The runner picks up three video modes that bring testOptions.video to parity with testOptions.trace. The new values are 'on-all-retries', 'retain-on-first-failure', and 'retain-on-failure-and-retries'. The video modes table documents which runs are recorded and which are kept in each mode. For CI, 'retain-on-failure' is the obvious win: only broken runs burn disk.

Other runner improvements are small but useful:

  • expect.soft.poll(...) is now supported, the polling form of expect.soft. Failed assertions are recorded against the test, but execution continues, so a dashboard test can assert five loosely-coupled things and report all the failures at the end instead of fixing one, re-running, finding the next, and repeating.
  • fullConfig.argv is a snapshot of process.argv from the runner process, which reporters can read to surface custom arguments passed after the -- separator.
  • fullConfig.failOnFlakyTests mirrors the config option, so reporters can explain why a run marked flaky failed.
  • testInfo.errors now lists each sub-error of an AggregateError as a separate entry, so a multi-failure assertion no longer collapses to a single line in the report.
  • A new -G shorthand for --grep-invert on the CLI.

Browser versions, HAR, and platform support

The release pins Chromium 149.0.7827.55, Mozilla Firefox 151.0, and WebKit 26.5, and is also tested against Google Chrome 149 and Microsoft Edge 149 stable channels. Ubuntu 26.04 is now a supported platform.

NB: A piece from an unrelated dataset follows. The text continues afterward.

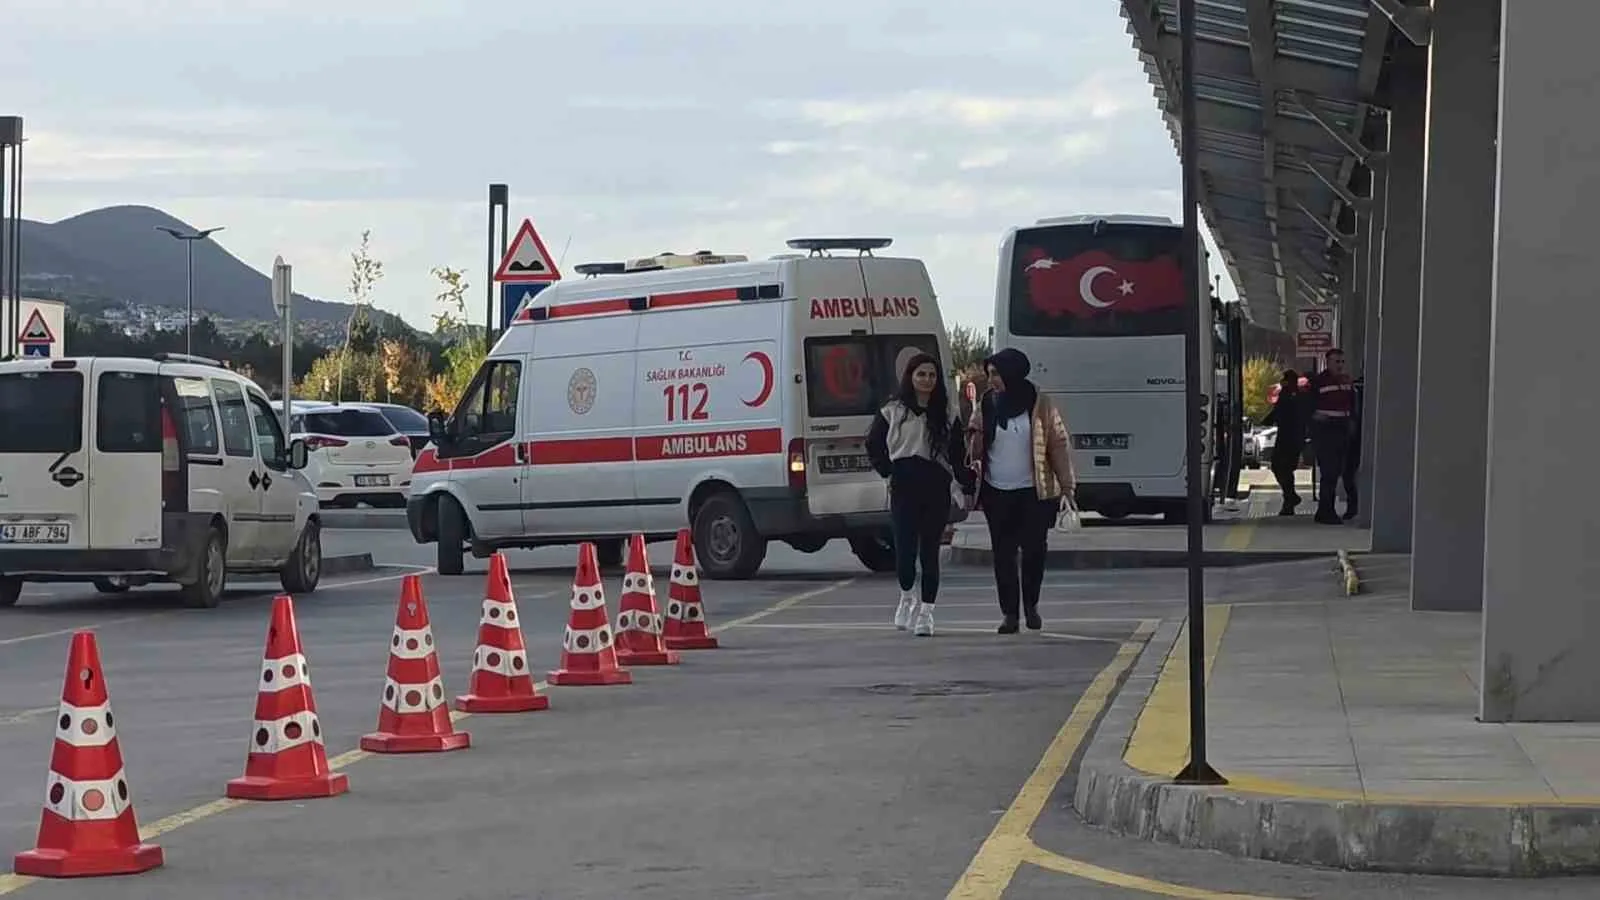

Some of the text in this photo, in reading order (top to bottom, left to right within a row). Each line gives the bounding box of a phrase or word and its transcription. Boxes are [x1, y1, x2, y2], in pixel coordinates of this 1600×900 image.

HAR and trace recordings now include WebSocket requests. Before 1.61.0, a regression that surfaced only over a WebSocket connection (chat, live cursors, real-time updates, server-sent events that are multiplexed over a single socket) was invisible in the recorded artifact. The trace viewer's network panel and the HAR file now both contain the WebSocket frames, which is what most teams expected from day one.

Smaller touches

  • A new artifactsDir option on browserType.connectOverCDP() controls where traces and downloads go when attaching to an existing browser.
  • A new cursor option on screencast.showActions() controls the cursor decoration rendered for pointer actions.
  • The onFrame callback in screencast.start() now receives a timestamp of when the frame was presented by the browser.

For most teams the upgrade is bun install @playwright/test@latest and a re-install of the browsers. The new APIs are additive, no flag day. The passkey and WebStorage APIs are the parts worth a small migration, since they make the test suite meaningfully more honest about what the production app actually has to handle.